■ **What you will do**:
Retype the records below exactly as they appear, but leave out any pictures.
======== Listed entries ========
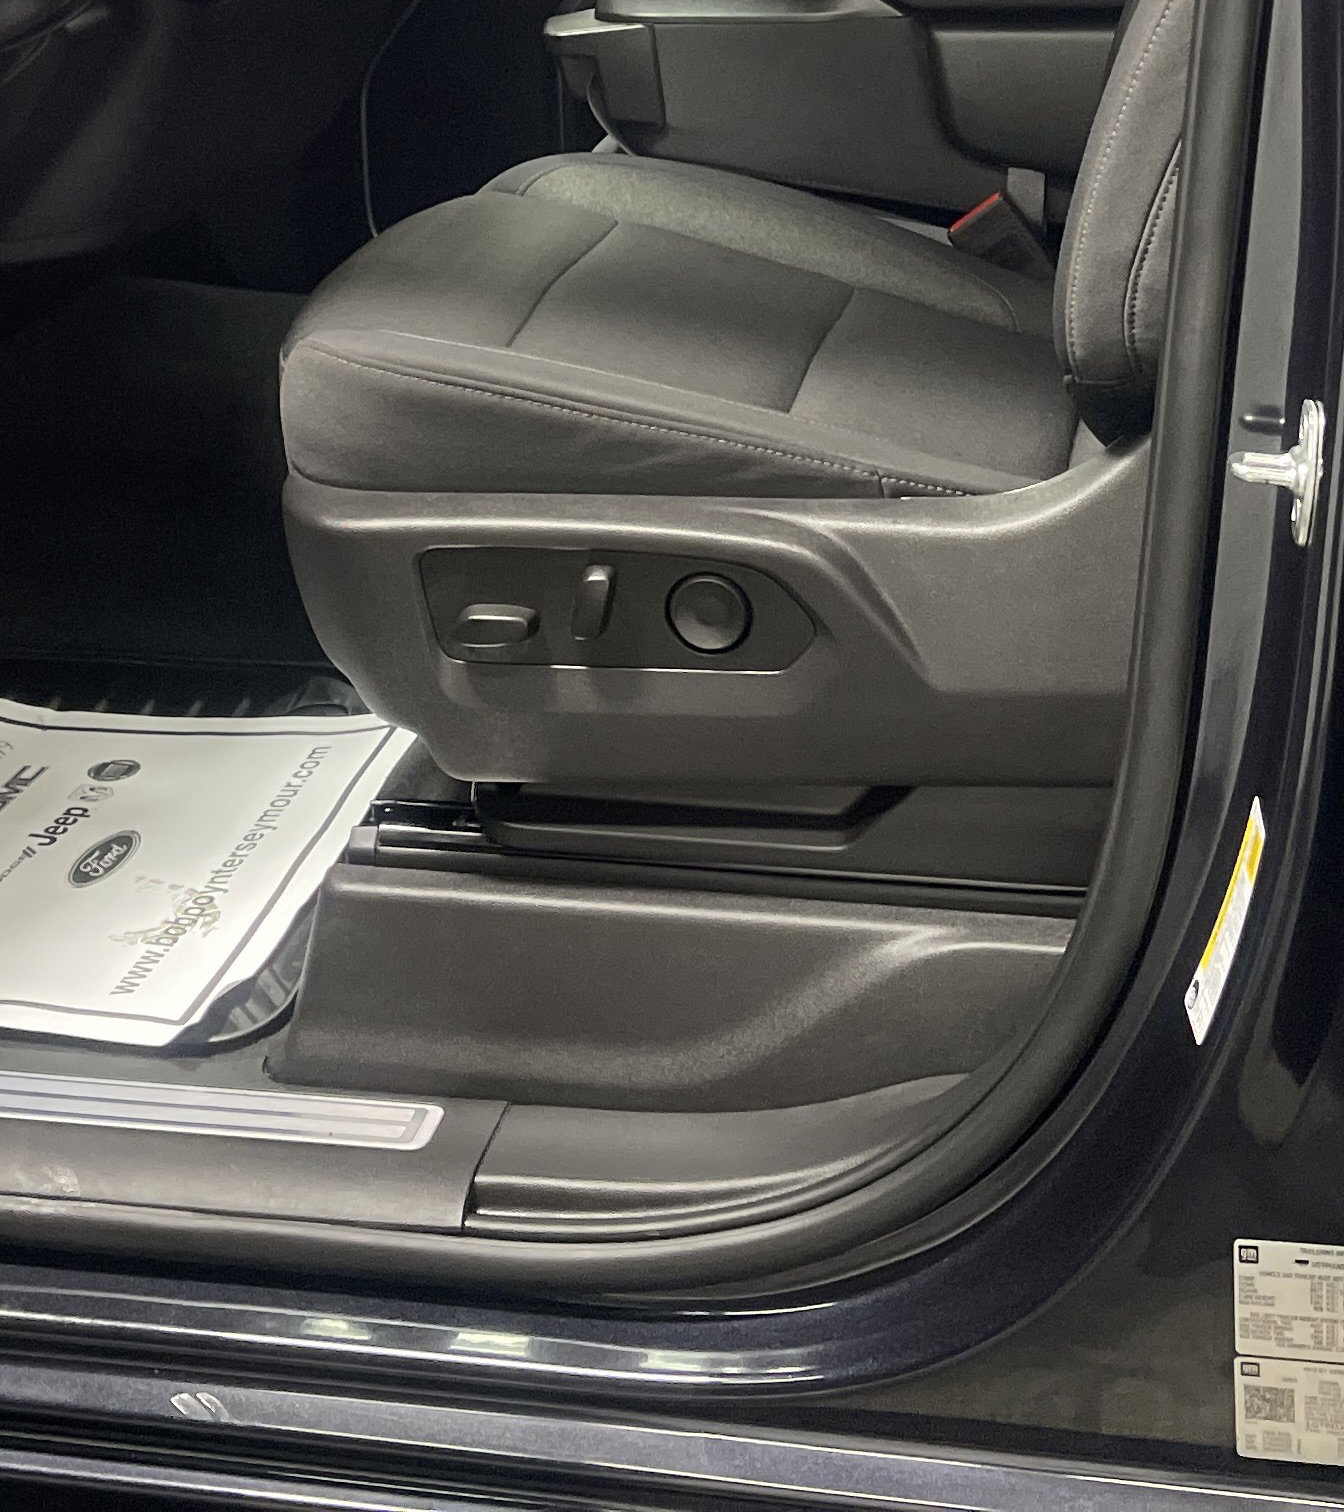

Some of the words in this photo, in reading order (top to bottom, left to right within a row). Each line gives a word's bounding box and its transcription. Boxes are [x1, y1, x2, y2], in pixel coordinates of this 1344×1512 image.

[28, 806, 91, 847] Jeep
[80, 842, 128, 877] Ford
[109, 744, 333, 996] www.bobpoynterseymour.com
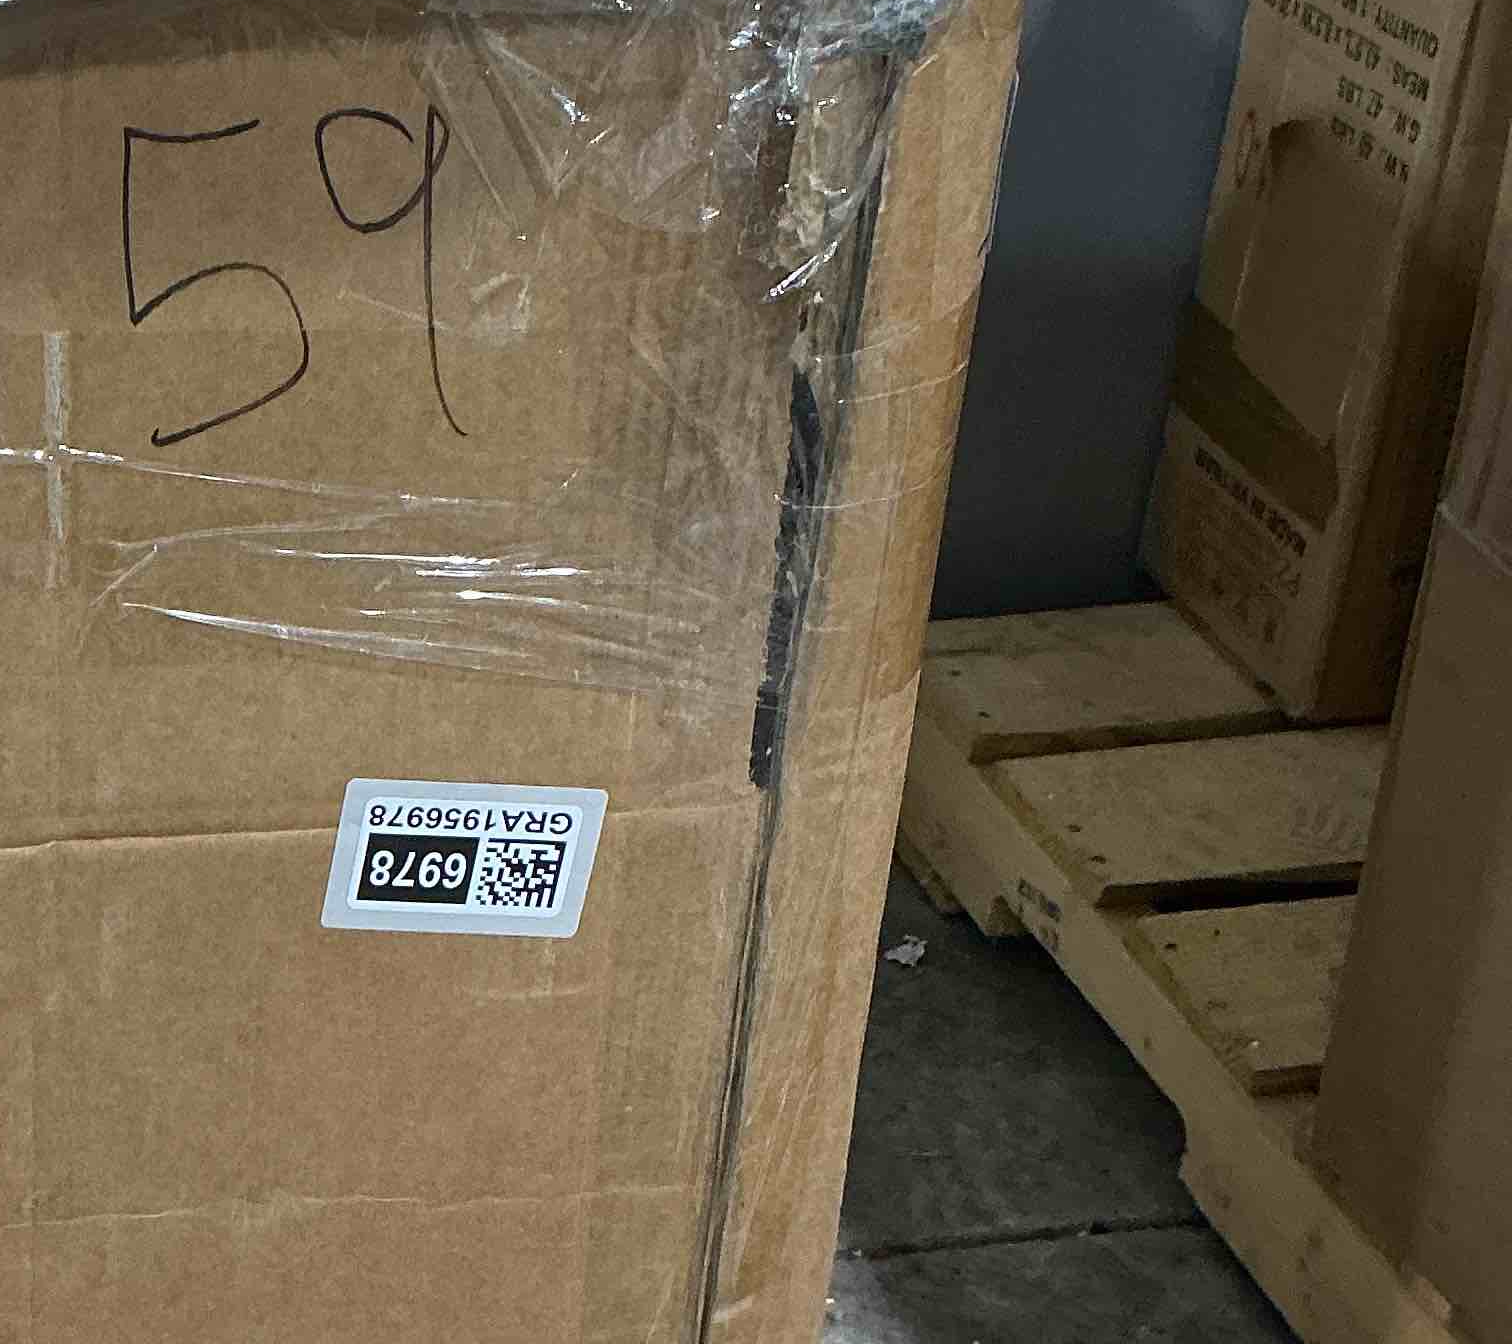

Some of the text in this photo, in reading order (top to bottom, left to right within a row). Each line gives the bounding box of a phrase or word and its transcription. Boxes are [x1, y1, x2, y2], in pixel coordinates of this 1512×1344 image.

[123, 104, 468, 447] 59
[369, 805, 573, 835] GRA1956978
[369, 850, 467, 889] 6978
========
■ **Reply to the task**:
Some of the words in this photo, in reading order (top to bottom, left to right within a row). Each line gives a word's bounding box and its transcription. Boxes are [x1, y1, x2, y2], in pixel coordinates of this 1344×1512 image.

[28, 806, 91, 847] Jeep
[80, 842, 128, 877] Ford
[109, 744, 333, 996] www.bobpoynterseymour.com

Some of the text in this photo, in reading order (top to bottom, left to right within a row). Each line gives the bounding box of a phrase or word and its transcription. Boxes are [x1, y1, x2, y2], in pixel coordinates of this 1512×1344 image.

[123, 104, 468, 447] 59
[369, 805, 573, 835] GRA1956978
[369, 850, 467, 889] 6978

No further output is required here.